You've probably seen the same string of headlines I have, like "Android's a malware magnet, says McAfee" and "2011 Is The Year Of Mobile Malware." Maybe you've seen the big scary numbers, too, like Juniper's claim that the ranks of mobile malware have risen 472% since July.
Zeman, no newcomer to mobile, notes that vendors have ratcheted up the scare factor pretty quickly-- given that a phone-to-phone threat that has yet to surface in a widespread way. Check out his take on where the truth lies between the vendor warnings and the critics' opinions on Android security.
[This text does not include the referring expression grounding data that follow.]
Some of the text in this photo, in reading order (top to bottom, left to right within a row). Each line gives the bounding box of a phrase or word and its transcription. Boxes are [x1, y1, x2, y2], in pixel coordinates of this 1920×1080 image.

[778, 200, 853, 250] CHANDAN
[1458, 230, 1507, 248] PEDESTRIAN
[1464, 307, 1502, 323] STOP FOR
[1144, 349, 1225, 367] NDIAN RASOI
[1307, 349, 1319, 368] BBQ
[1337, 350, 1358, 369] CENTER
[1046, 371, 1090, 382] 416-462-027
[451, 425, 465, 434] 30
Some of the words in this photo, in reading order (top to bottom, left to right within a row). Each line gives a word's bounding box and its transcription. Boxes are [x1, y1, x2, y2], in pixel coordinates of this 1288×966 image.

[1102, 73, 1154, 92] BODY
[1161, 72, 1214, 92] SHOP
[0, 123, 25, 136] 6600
Of course, as one reader commented on Zeman's story, mobile security also depends largely on user behavior: "If you don't want apps to have access to your personal data, then don't install apps that say they are going to access your personal data. It really is that simple. No app will ever have access to your personal data unless you have explicitly given it permission to access that data," writes DLYNCH294.
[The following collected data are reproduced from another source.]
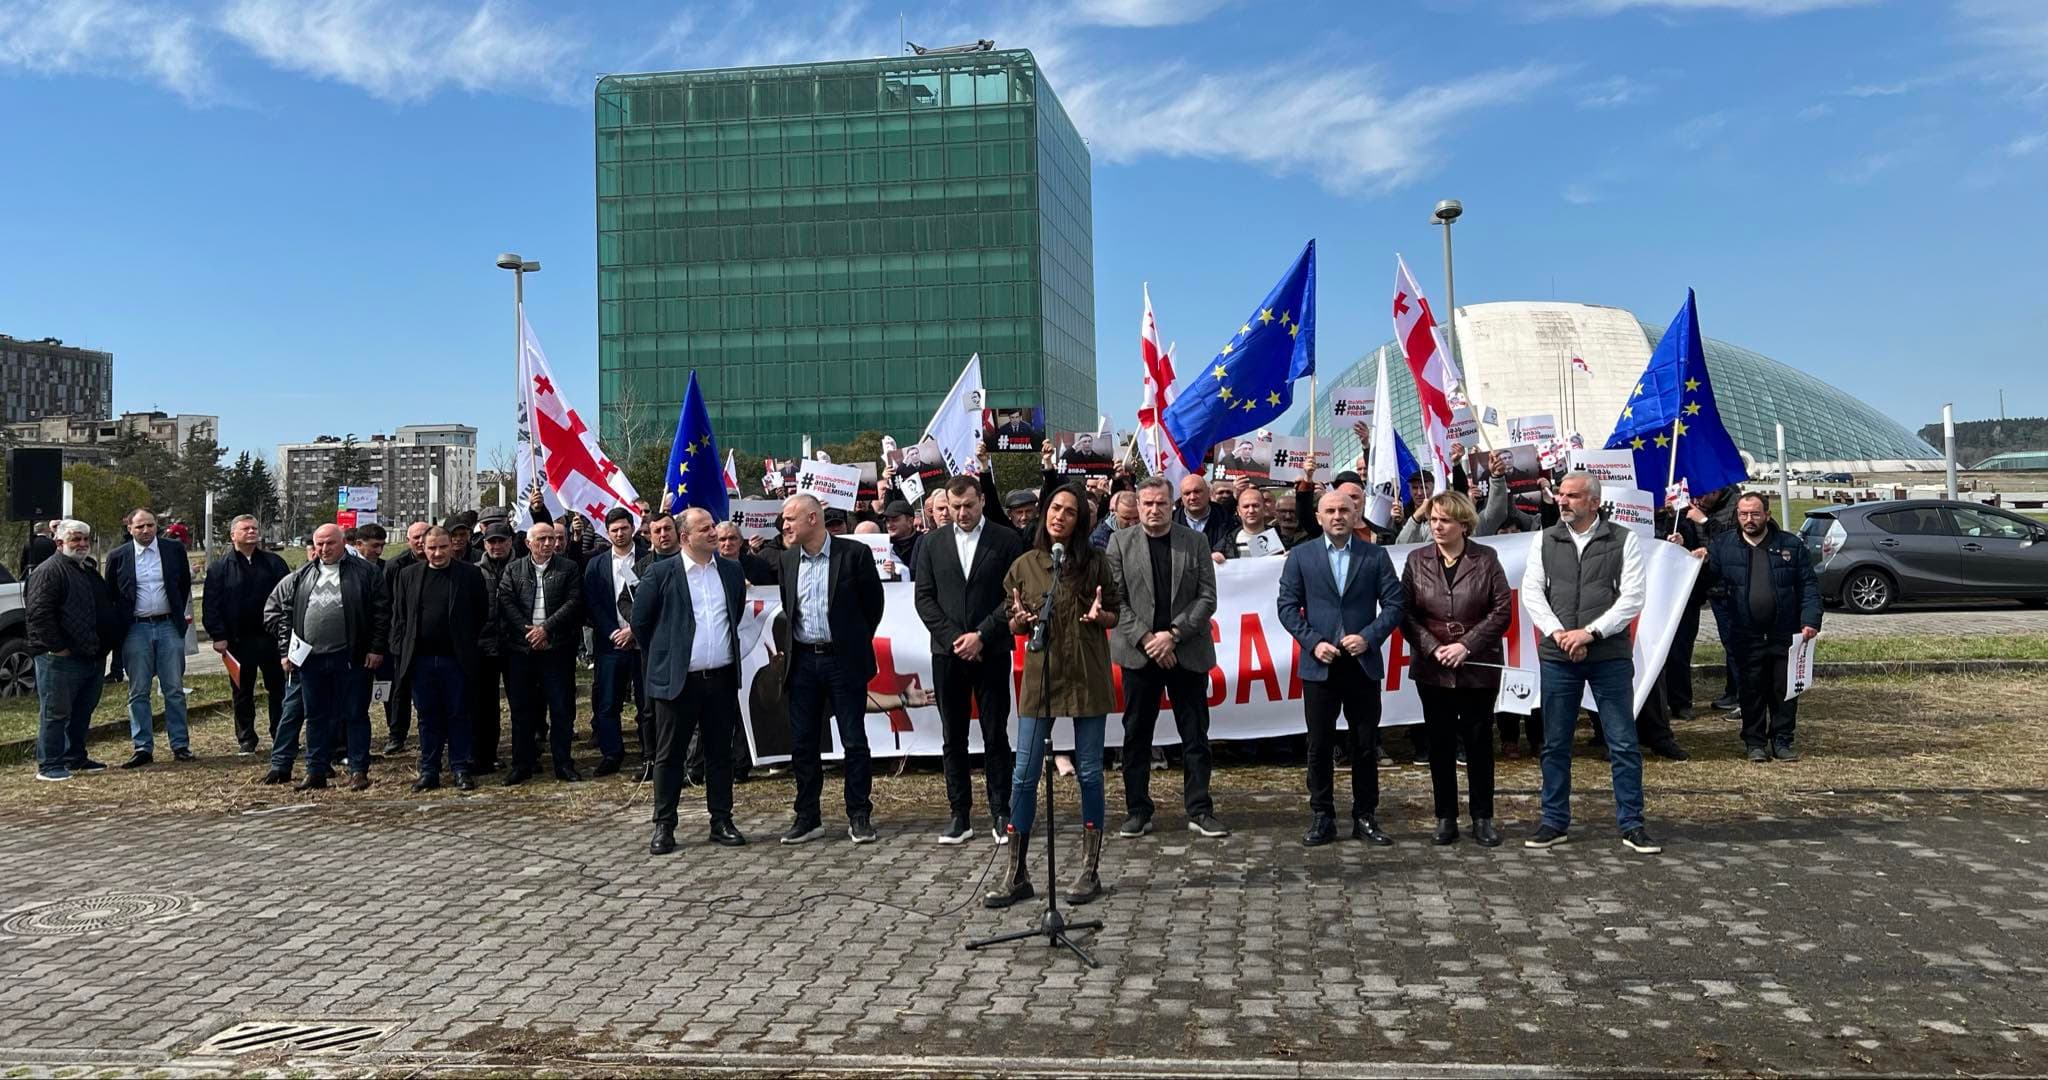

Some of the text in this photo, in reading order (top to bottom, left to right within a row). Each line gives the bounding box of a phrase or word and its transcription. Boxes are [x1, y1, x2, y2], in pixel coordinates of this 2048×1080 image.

[997, 434, 1009, 450] #
[1274, 449, 1288, 467] #
[801, 472, 815, 490] #
[813, 485, 854, 498] FREEMISHA
[731, 510, 744, 527] #
The hype around mobile device management hasn't been much better this year, says our MDM expert, Mike Davis, in his well-balanced column on Top 5 MDM Must-Do's.
As Davis notes about a recent conference talk: "I will most likely get hate email for saying this, but ... MDM technology is all pretty much the same; maybe 10% of features are unique, usually around self-registration capabilities and enhanced encryption. And I don't see that changing, even though Google and IBM got in the game this week, each announcing it will have an MDM product available soon."
If the vendor offerings prove that similar, Davis says, that means your recipe for staying safe in the enterprise boils down to three factors: planning, process, and policy enforcement. Check out his advice.
See our InformationWeek 2011 Mobile Device Management and Security Survey for more on how your peers are dealing with MDM. (It's free with registration.)
Amazon's Android-based Kindle Fire tablet poses a special problem, because your trusty enterprise mobile device management tools don't work with the Fire yet. The safest choice now: Block the device from connecting to your enterprise network, though users won't like it.
Looking ahead, Amazon also plans an Android Kindle phone in 2012--though InformationWeek's Thomas Claburn fears it could flop if Amazon makes a me-too design choice. "Amazon wants to sell you a phone so you'll buy Amazon App Store apps and Kindle e-books, which will almost certainly be readable on this expected Kindle phone (too bad the name Phondle won't fly)," writes Claburn.
Phondle. Don't you love it? That would not be a me-too name.
One thing's certain. Enterprise IT will not be fond of the Phondle if Amazon doesn't see its way clear to letting users connect to an app store that will allow install of enterprise-grade MDM tools.